WHAT YOU NEED TO DO: The result should be an exact copy of the entries below, free of pictures.

Text-to-region grounding data

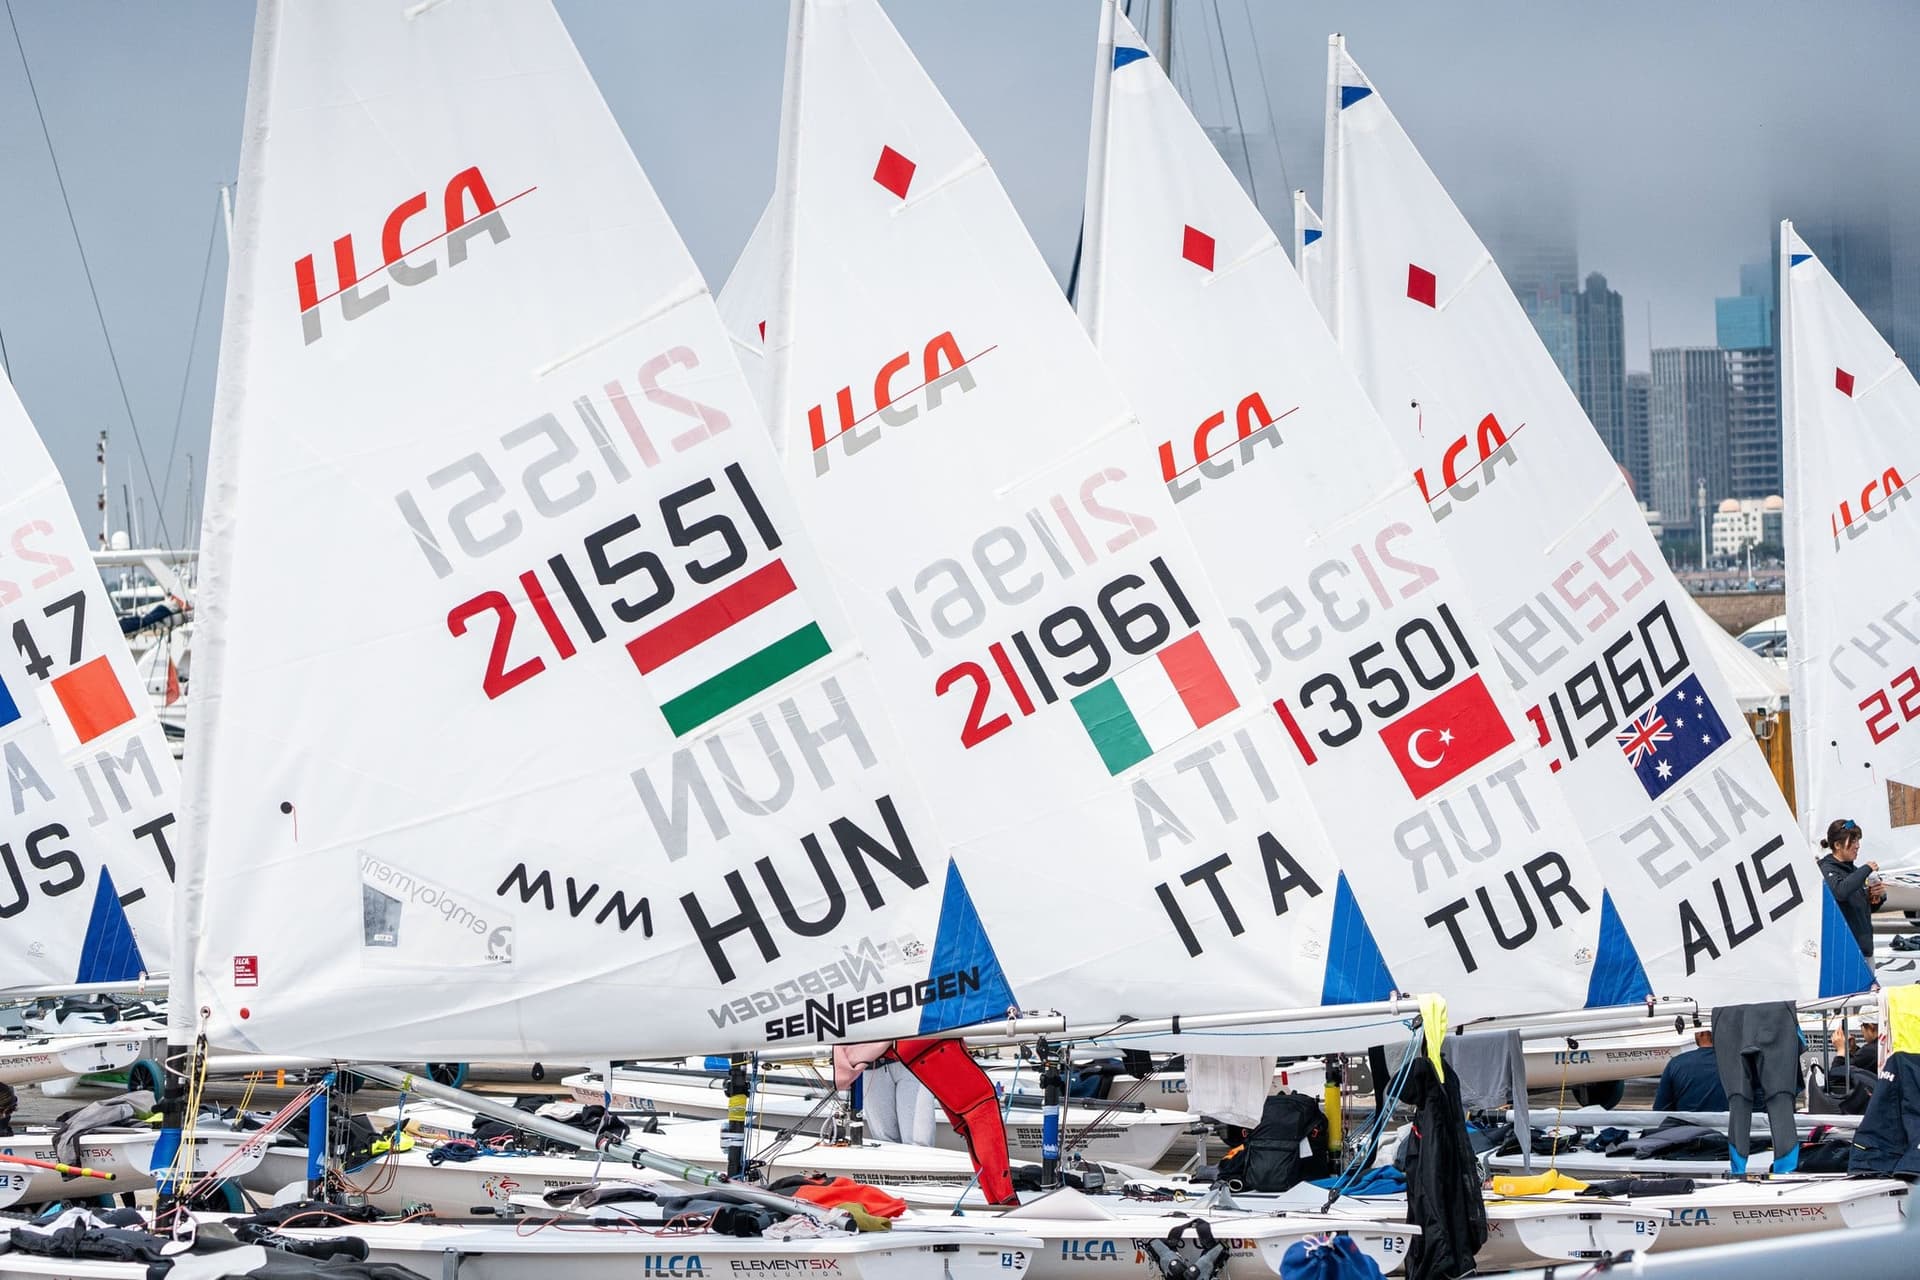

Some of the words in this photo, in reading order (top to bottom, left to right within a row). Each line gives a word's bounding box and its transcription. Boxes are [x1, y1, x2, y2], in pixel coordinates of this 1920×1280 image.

[295, 166, 511, 346] ILCA
[808, 331, 977, 478] ILCA
[1832, 467, 1912, 553] ILCA
[447, 462, 783, 700] 211551
[936, 556, 1201, 750] 211961
[496, 862, 653, 939] MVM
[679, 794, 929, 985] HUN
[1154, 831, 1323, 958] ITA
[1424, 851, 1591, 974] TUR
[1678, 834, 1804, 977] AUS
[765, 965, 981, 1042] SENNEBOGEN
[644, 1255, 706, 1278] ILCA
[730, 1259, 839, 1272] ELEMENTSIX
[1062, 1240, 1118, 1261] ILCA
[1733, 1206, 1825, 1220] ELEMENTSIX
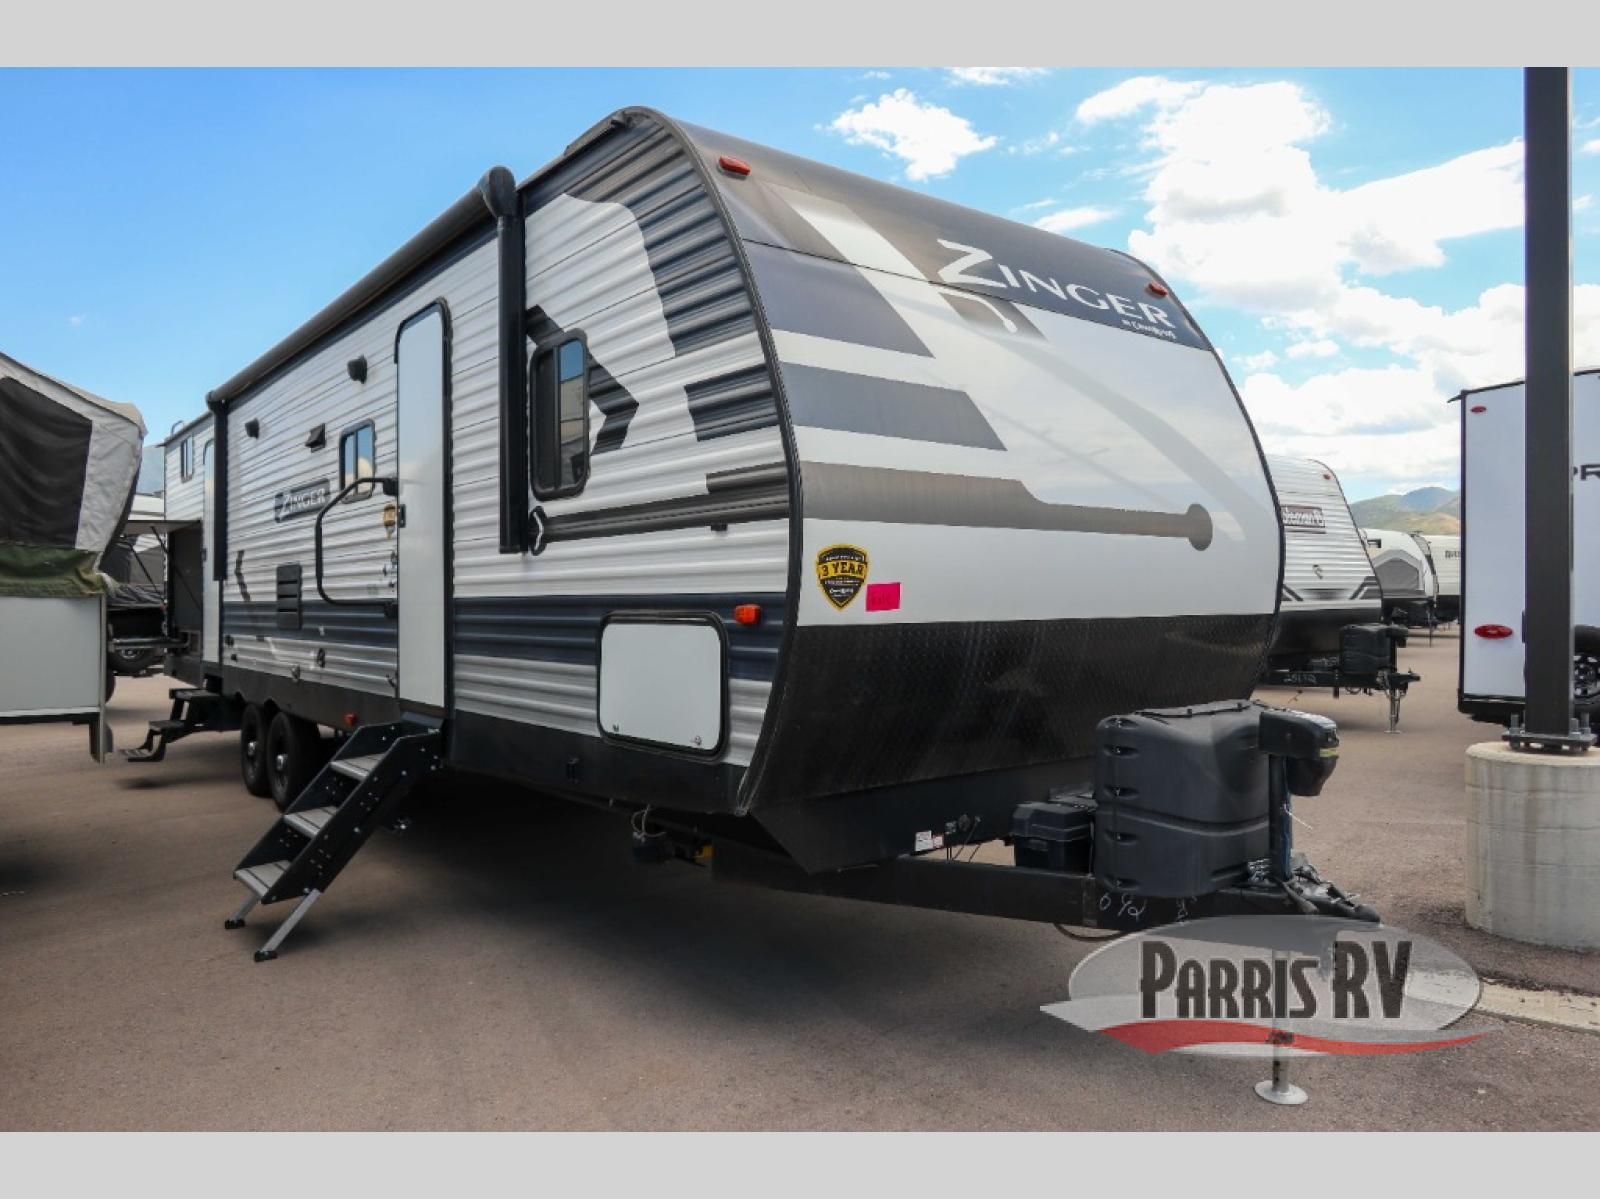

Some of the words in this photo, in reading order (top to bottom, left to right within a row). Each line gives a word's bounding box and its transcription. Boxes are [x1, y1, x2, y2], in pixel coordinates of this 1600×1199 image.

[937, 239, 1176, 328] ZINGER
[821, 564, 829, 577] 3
[832, 561, 864, 576] YEAR
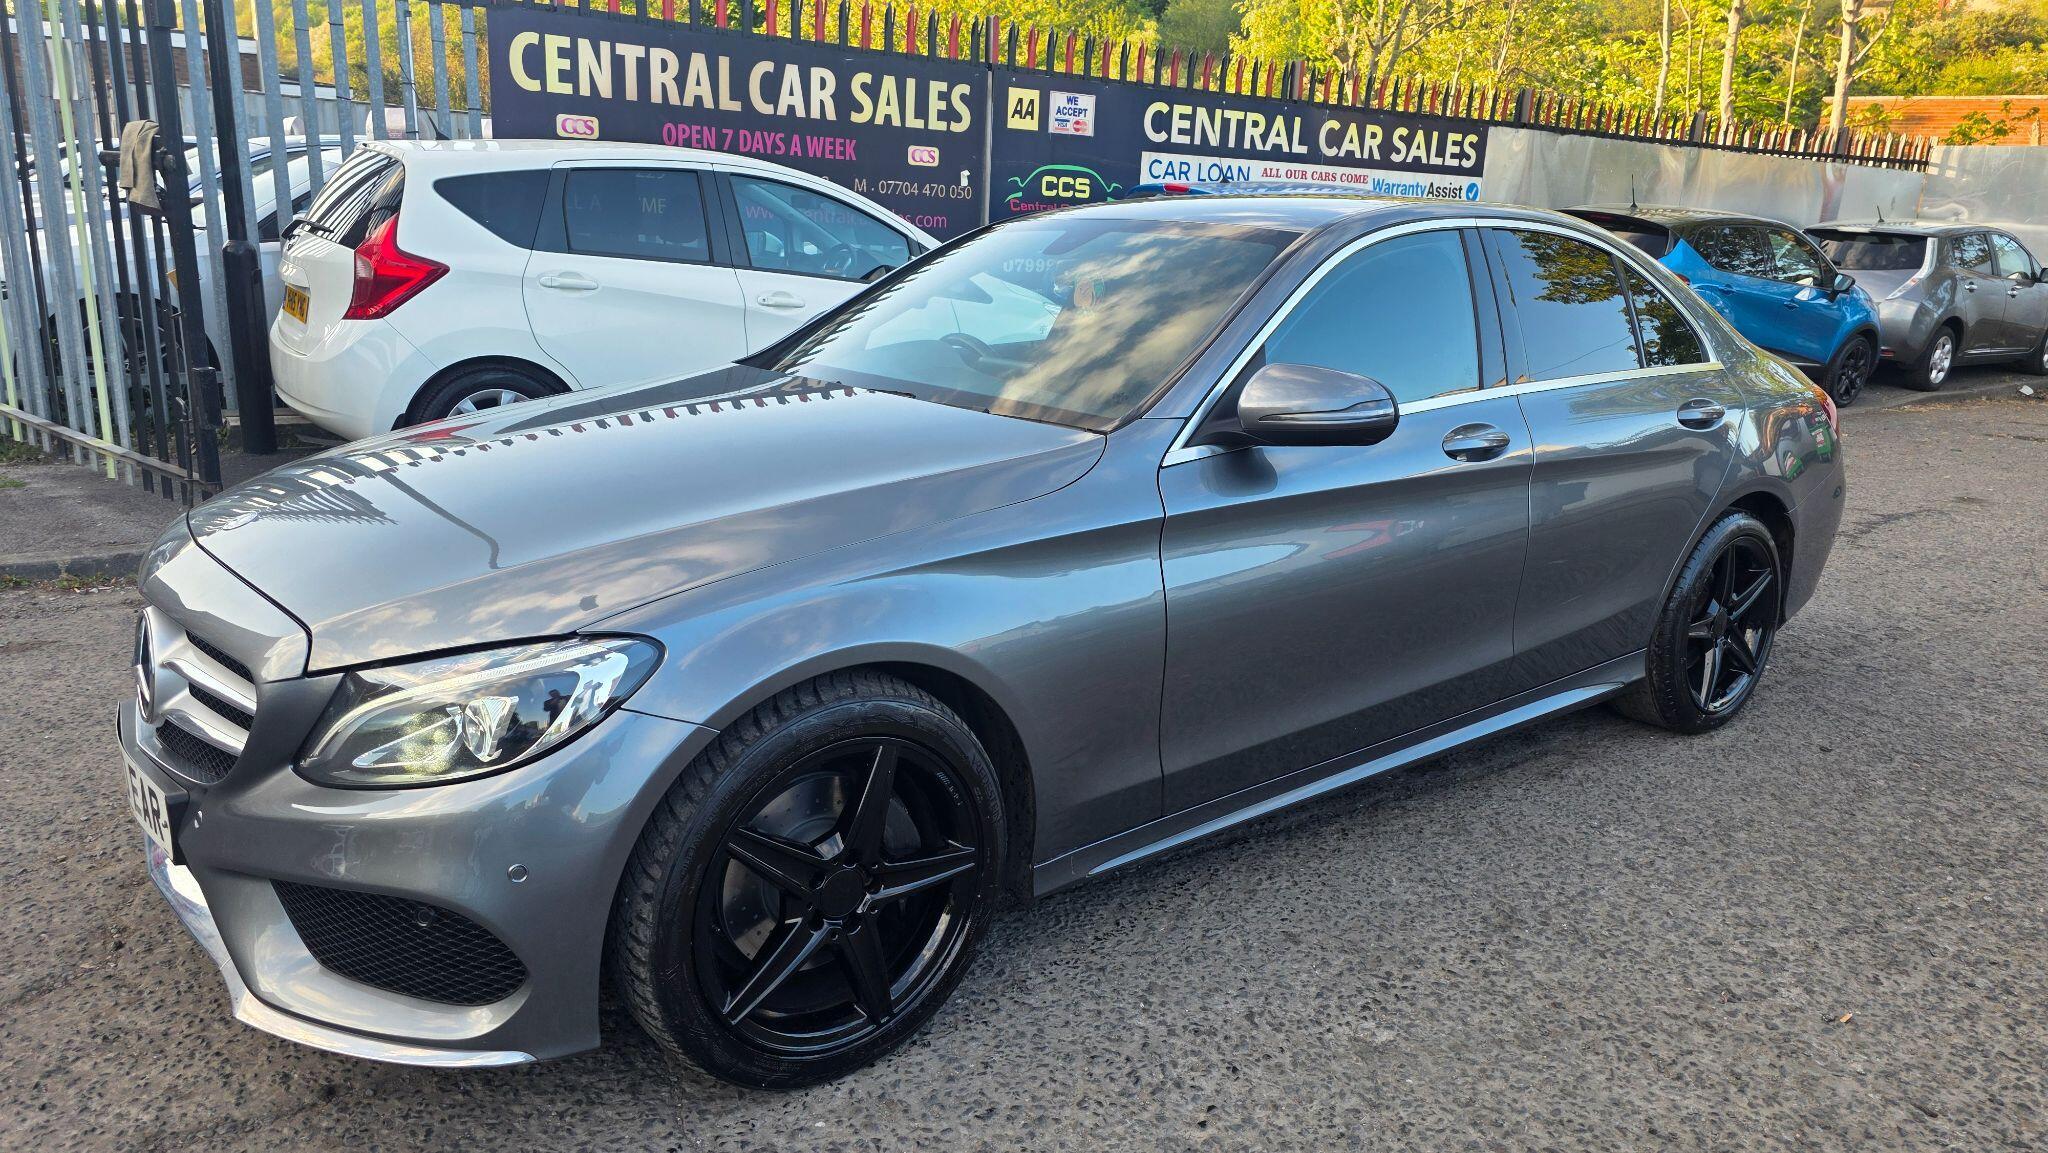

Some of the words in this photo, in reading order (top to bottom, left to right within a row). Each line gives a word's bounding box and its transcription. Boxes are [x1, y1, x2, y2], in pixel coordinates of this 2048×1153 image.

OUTPUT:
Some of the words in this photo, in reading order (top to bottom, left to right within a row). Each line gives a word's bounding box and its transcription. Boxes are [x1, y1, x2, y2], in pixel coordinates of this 1920×1280 image.

[295, 166, 511, 346] ILCA
[808, 331, 977, 478] ILCA
[1832, 467, 1912, 553] ILCA
[447, 462, 783, 700] 211551
[936, 556, 1201, 750] 211961
[496, 862, 653, 939] MVM
[679, 794, 929, 985] HUN
[1154, 831, 1323, 958] ITA
[1424, 851, 1591, 974] TUR
[1678, 834, 1804, 977] AUS
[765, 965, 981, 1042] SENNEBOGEN
[644, 1255, 706, 1278] ILCA
[730, 1259, 839, 1272] ELEMENTSIX
[1062, 1240, 1118, 1261] ILCA
[1733, 1206, 1825, 1220] ELEMENTSIX

Some of the words in this photo, in reading order (top to bottom, left to right within a row). Each line gives a word's bounding box and its transcription. Boxes are [x1, y1, x2, y2], in pixel coordinates of this 1600×1199 image.

[937, 239, 1176, 328] ZINGER
[821, 564, 829, 577] 3
[832, 561, 864, 576] YEAR

Some of the words in this photo, in reading order (top to bottom, left to right within a row). Each line gives a word's bounding box and its transcription. Boxes are [x1, y1, x2, y2], in pixel coordinates of this 2048×1153 image.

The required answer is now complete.